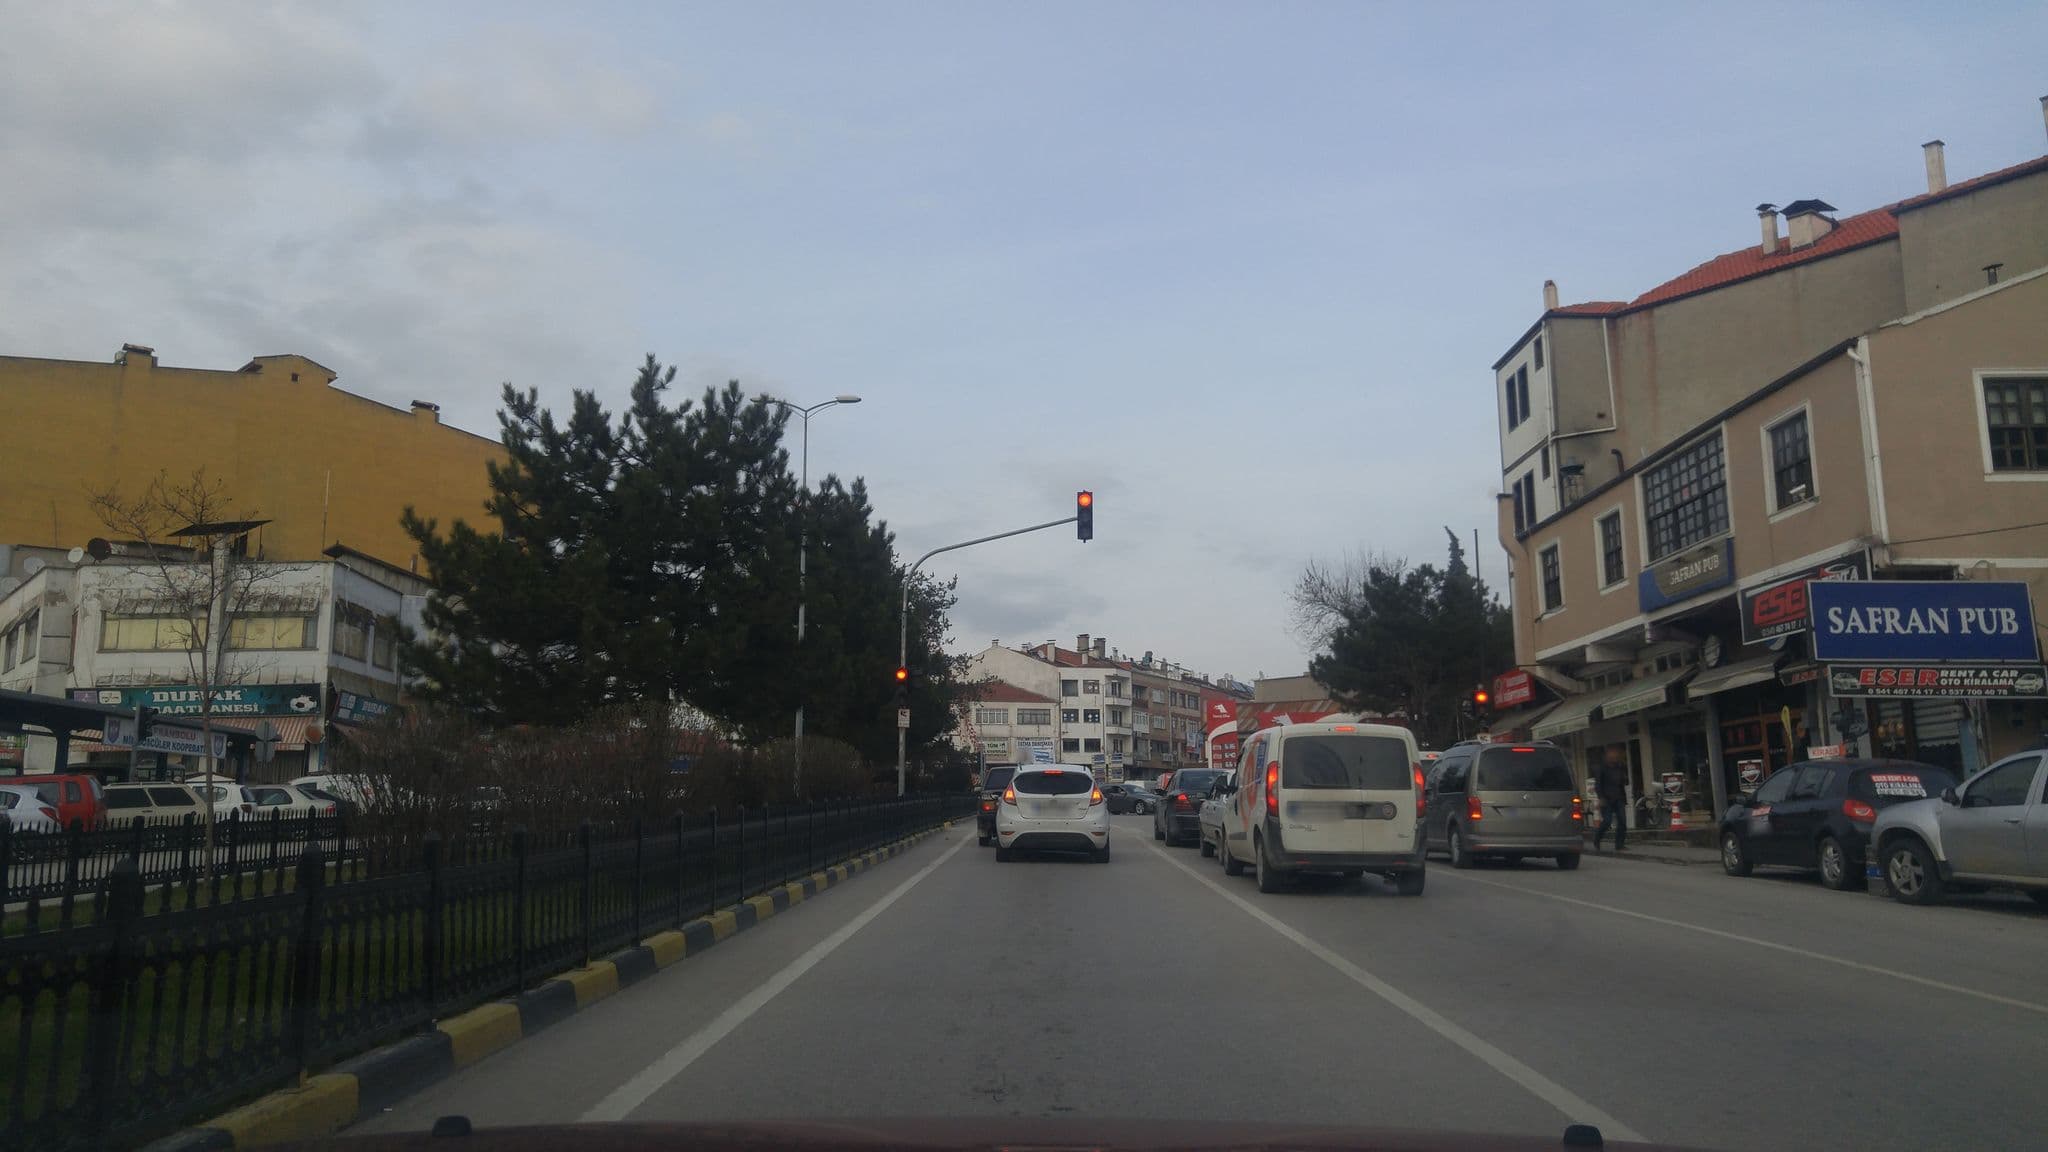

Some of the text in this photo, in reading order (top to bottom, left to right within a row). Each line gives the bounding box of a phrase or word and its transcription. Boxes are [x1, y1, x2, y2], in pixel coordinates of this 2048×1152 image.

[1669, 554, 1719, 585] SAFRAN PUB
[1827, 606, 2020, 635] SAFRAN PUB
[1860, 668, 2019, 686] ESER RENT A CAR
[1940, 678, 1961, 686] OTO

======

Task item: The records must be restated word for word, apart from any images.

Answer box:
Some of the text in this photo, in reading order (top to bottom, left to right within a row). Each line gives the bounding box of a phrase or word and its transcription. Boxes are [x1, y1, x2, y2], in pixel coordinates of this 2048×1152 image.

[1669, 554, 1719, 585] SAFRAN PUB
[1827, 606, 2020, 635] SAFRAN PUB
[1860, 668, 2019, 686] ESER RENT A CAR
[1940, 678, 1961, 686] OTO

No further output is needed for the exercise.